Study Finds Prasugrel May Offer Better Outcomes Than Ticagrelor for Diabetic Patients With Stents
New research presented at the American Heart Association's Scientific Sessions 2025 suggests prasugrel may be more effective than ticagrelor at preventing heart attacks, strokes, bleeding complications and death in diabetic patients who received coronary stents, challenging current interchangeable use of these antiplatelet medications.

Patients with Type 1 or Type 2 diabetes who undergo stent placement may experience different outcomes depending on which antiplatelet medication they receive, according to new research presented at the American Heart Association's Scientific Sessions 2025. The TUXEDO-2 study found that prasugrel may offer better protection against heart attacks, strokes, bleeding complications and death compared to ticagrelor, despite both medications being commonly used interchangeably in clinical practice.
The randomized clinical trial involved 1,800 adults in India with diabetes and multivessel coronary disease who had received drug-eluting stents after percutaneous coronary intervention. All participants received dual antiplatelet therapy consisting of aspirin plus either prasugrel or ticagrelor. After one year of treatment, researchers found significant differences in outcomes between the two medication groups. The primary composite outcome of heart attack, stroke, bleeding complications or death occurred at a rate of 16.57% in the ticagrelor group compared to 14.23% in the prasugrel group.
Lead study author Dr. Sripal Bangalore, a professor of medicine at NYU Grossman School of Medicine, expressed surprise at the results. "We were surprised by the results because we hypothesized that ticagrelor should be as good or perhaps even better than prasugrel," Bangalore said. "It's important to choose the right medicine, and at least from our data, we cannot say that ticagrelor and prasugrel are interchangeable."

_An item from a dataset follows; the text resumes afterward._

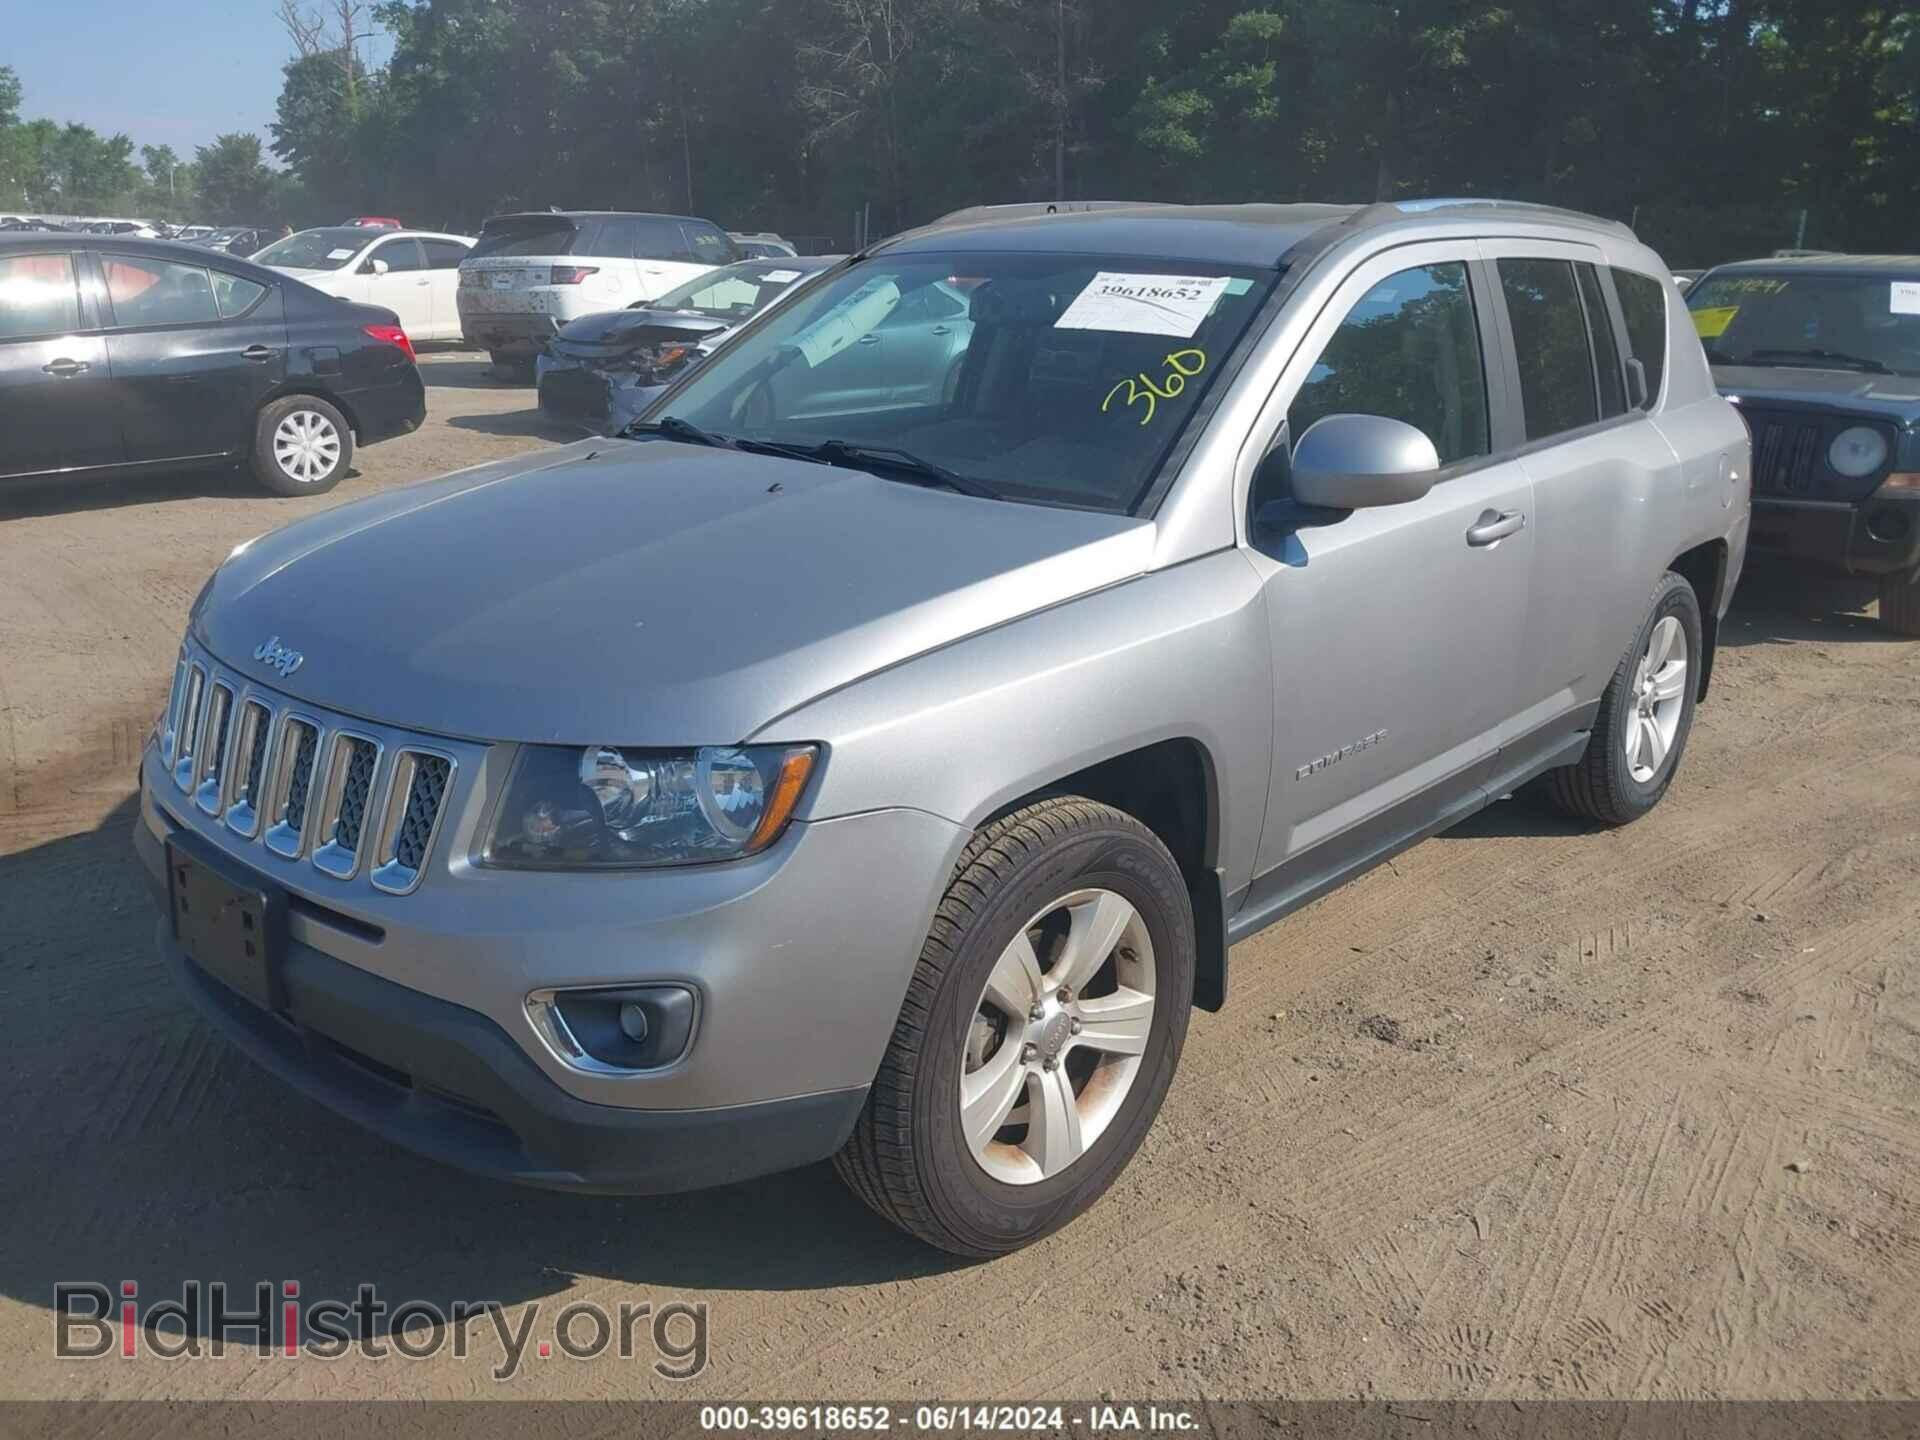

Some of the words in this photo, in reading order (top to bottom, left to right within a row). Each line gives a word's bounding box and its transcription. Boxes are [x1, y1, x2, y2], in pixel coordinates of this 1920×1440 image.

[1102, 285, 1203, 301] 39618652
[1102, 349, 1206, 425] 360
[254, 635, 304, 677] Jeep

The study revealed specific differences in individual outcomes between the two treatment groups. The rate of non-fatal heart attack was 5.96% in the ticagrelor group versus 5.21% in the prasugrel group. Major bleeding occurred in 8.41% of ticagrelor patients compared to 7.14% of prasugrel patients. Most notably, the mortality rate was 5.03% in the ticagrelor group and 3.67% in the prasugrel group.
These findings challenge current clinical practice where these medications are often considered equivalent options. The American Heart Association notes that dual antiplatelet therapy, which includes aspirin plus a P2Y12 inhibitor like prasugrel or ticagrelor, is standard treatment to prevent blood clots and reduce cardiac event risk in patients with acute coronary syndrome. Current guidelines recommend at least one year of dual antiplatelet therapy for all patients after drug-eluting stent implantation.
The study's implications are particularly significant given the high prevalence of cardiovascular disease among people with diabetes. Approximately 79% of study participants had acute coronary artery syndrome, and about 85% had triple vessel disease, indicating advanced coronary artery disease. About one quarter of participants were taking insulin, reflecting the complexity of managing diabetes alongside cardiovascular conditions.
However, researchers caution that the study has several limitations. Both patients and physicians knew which medication was being administered, potentially introducing bias. Compliance with the assigned treatment wasn't assessed, meaning researchers couldn't verify if participants took all medications as prescribed. Additionally, the study was conducted exclusively in India, so findings may not apply to countries with different health systems or population characteristics.
The research was presented as part of the American Heart Association's Scientific Sessions 2025, described as a premier global exchange of the latest scientific advancements in cardiovascular science. The findings are considered preliminary until published as a full manuscript in a peer-reviewed scientific journal, as abstracts presented at the association's scientific meetings are not peer-reviewed.
For individuals with Type 1 or Type 2 diabetes and complex coronary disease, these results suggest there may be an advantage to treatment with prasugrel over ticagrelor. As Bangalore concluded, "For individuals with Type 1 or Type 2 diabetes and complex coronary disease, there may be an advantage to treatment with prasugrel over ticagrelor, and importantly, the two should not be used interchangeably."